Он на меня произвел впечатление умного и знающего человека, говорил о наших, всем культурным людям известных, беспорядках и в особенности о том, как Муравьев совершенно обезобразил судебные учреждения, но никакой пользы от этих разговоров я не извлек. Затем я просил зайти ко мне другого сотрудника, сына бывшего министра юстиции В. Набокова. Этот мне прямо объявил, что существующему режиму он ни в чем и никакого содействия оказывать не будет. Затем, И. Гессен попался в какую то историю и был заключен в тюрьму, его жена ходила ко мне и все уверяла, что ее муж не выдержит заключения. Я за него хлопотал, его освободили и он приходил ко мне благодарить. Затем, оба эти лица были во главе, так называемых, кадетов, которые после 17 октября пошли на меня войной, желая вырвать власть у Государя.

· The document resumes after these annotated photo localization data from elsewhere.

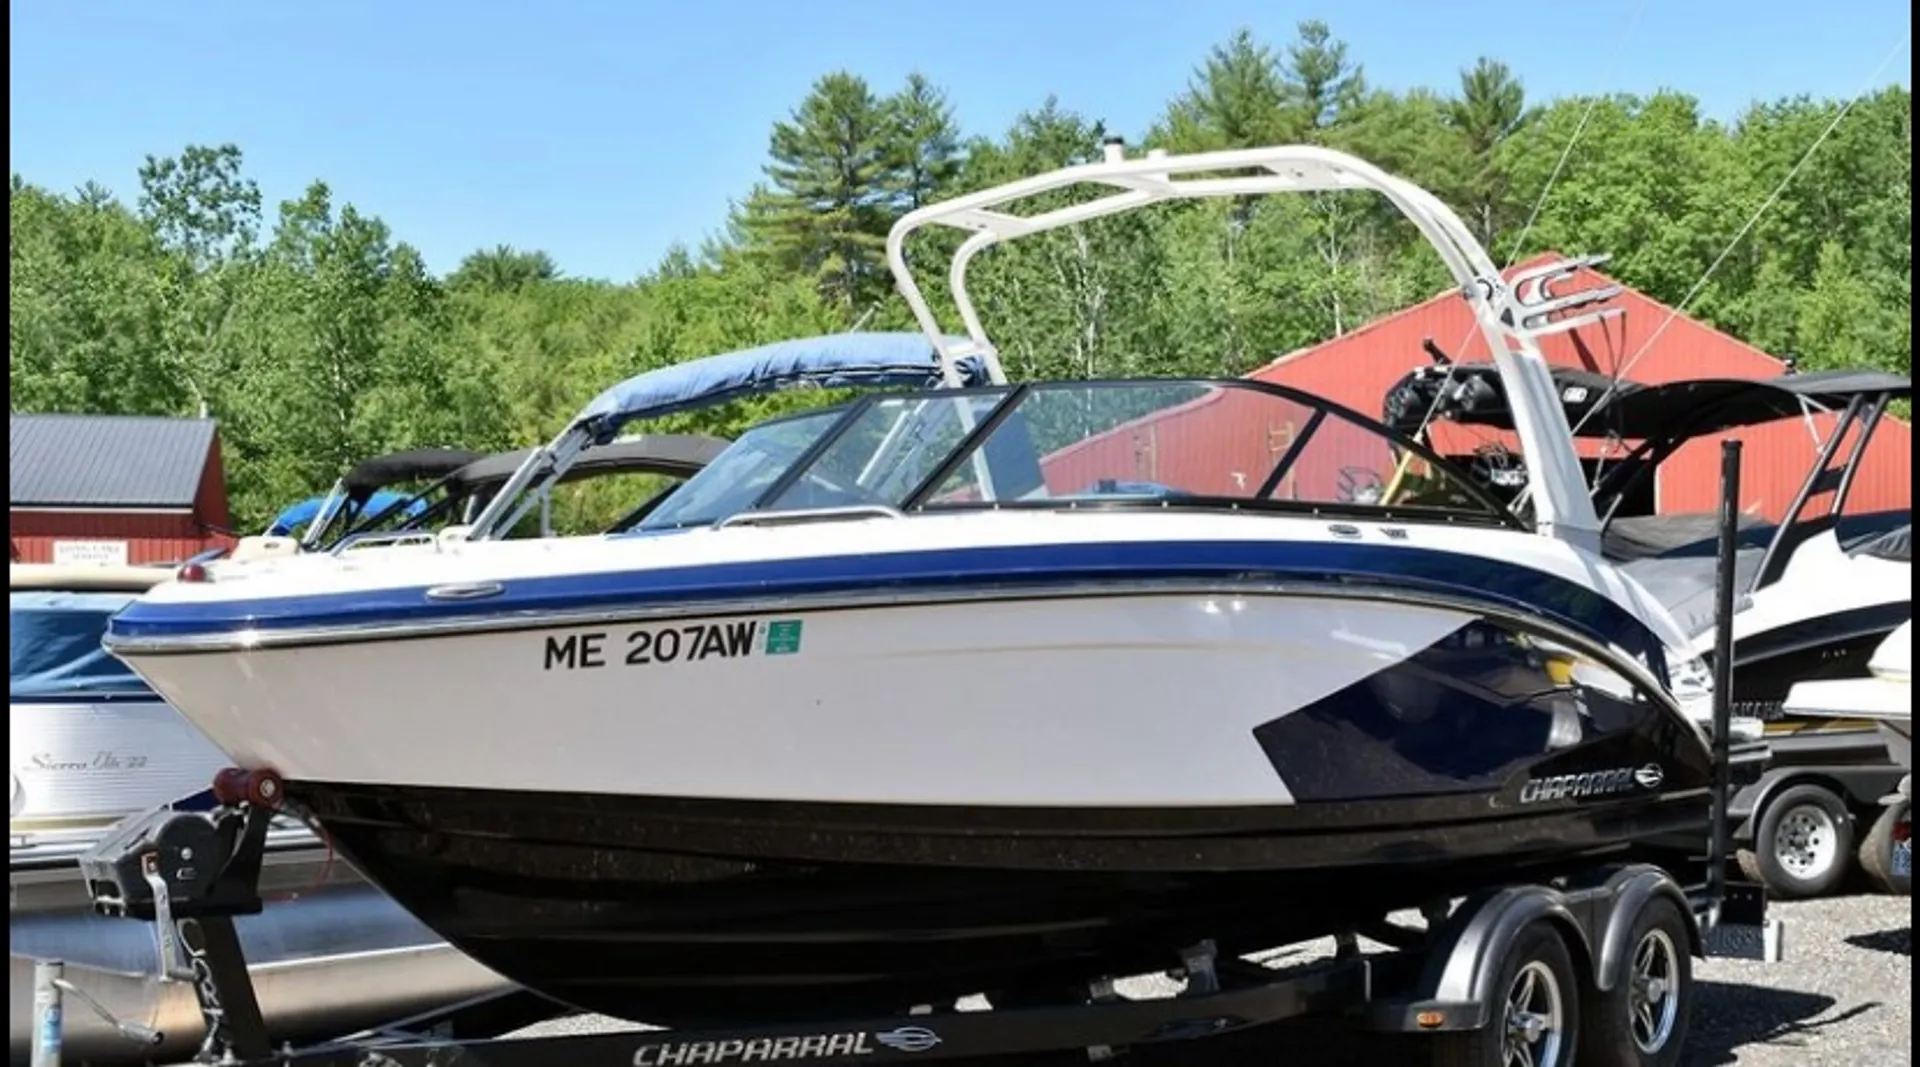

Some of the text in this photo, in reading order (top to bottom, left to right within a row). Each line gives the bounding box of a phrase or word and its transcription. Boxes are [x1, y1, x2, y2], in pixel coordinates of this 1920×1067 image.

[544, 633, 607, 670] ME
[1519, 767, 1634, 804] CHAPARRAL
[632, 1031, 874, 1067] CHAPARRAL
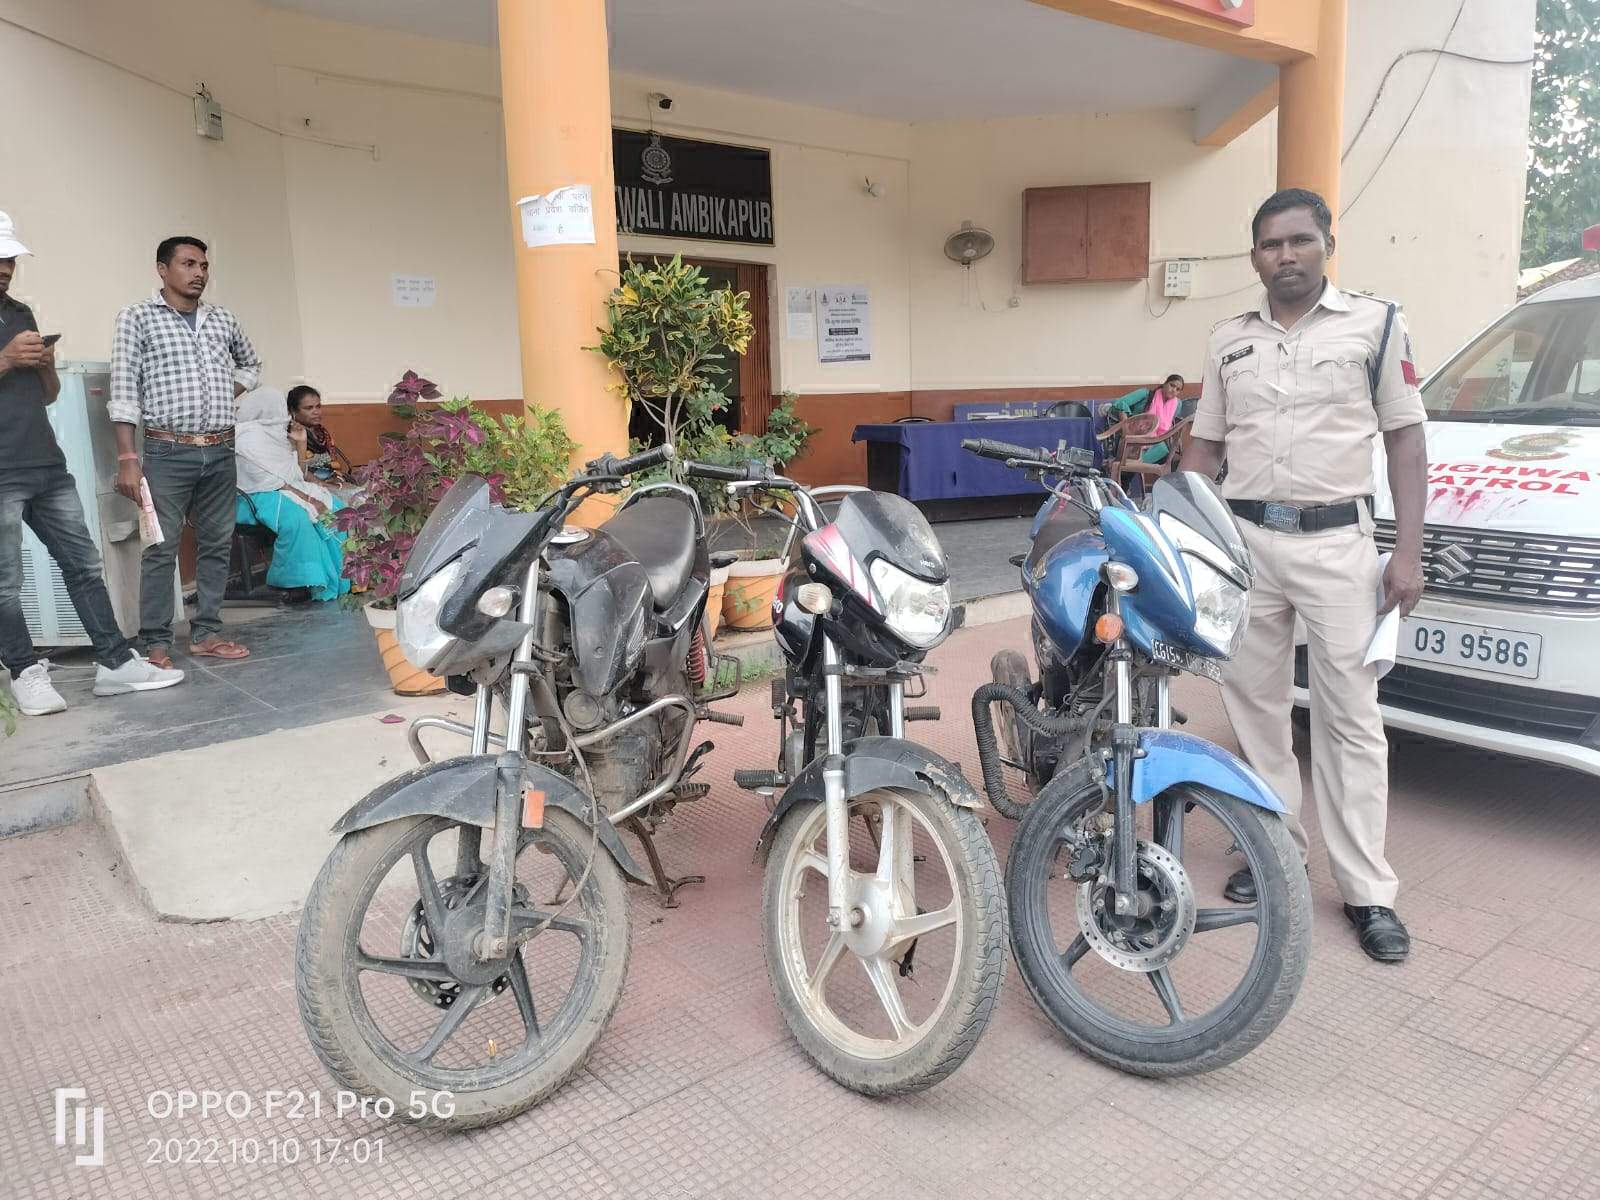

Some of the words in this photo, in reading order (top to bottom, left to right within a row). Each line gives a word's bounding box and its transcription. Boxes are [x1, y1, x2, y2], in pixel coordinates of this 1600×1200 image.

[615, 186, 664, 230] WALI
[670, 192, 772, 239] AMBIKAPUR
[1425, 463, 1600, 482] IGHWA
[1427, 475, 1579, 495] ATROL
[1415, 627, 1445, 654] 03
[1460, 633, 1530, 667] 9586

Собственно говоря, если 17 октября вместо установления нормально действующей конституции до сих пор дало только революцию, то главная вина падает на кадетов и их вождей. В сущности они хотели не конституционную монархию, а республику с наследственным президентом, да и то до поры до времени, покуда существует "монархически предрассудок" в народе.

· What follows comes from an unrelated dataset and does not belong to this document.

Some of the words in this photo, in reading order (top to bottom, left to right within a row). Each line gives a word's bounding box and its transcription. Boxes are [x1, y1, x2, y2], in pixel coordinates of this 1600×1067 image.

Тогда же я познакомился с профессором Петражицким, выдающимся ученым, замечательно талантливым и умным человеком. Он тоже после увлекся и попал в кадеты, но в благоразумные. Петражицкий оказал мне некоторое содействие по некоторым вопросам указа 12-го декабря. *

{337}

ГЛАВА ДВАДЦАТЬ ПЯТАЯ

МАНИФЕСТ О НЕСТРОЕНИЯХ И СМУТАХ

И УКАЗ БУЛЫГИНУ

О ПРИВЛЕЧЕНИИ ЛУЧШИХ ЛЮДЕЙ

От 15 до 20 февраля последовало громадное сражение наших войск с войсками японскими и несмотря на уверение, объявленное приказом главнокомандующего Куропаткина, что уже далее Мукдена он не отступит ни за что, мы потерпели громадное поражение. Бой был исключительный по количеству войск в нем участвующих, затем мы вынуждены были в беспорядке отойти по направлению к Харбину. Это было последнее, но великое наше поражение. Я не помню. ни одного такого громадного поражения на суше, которое бы потерпела русская армия, как то, которое мы потерпели в Мукдене.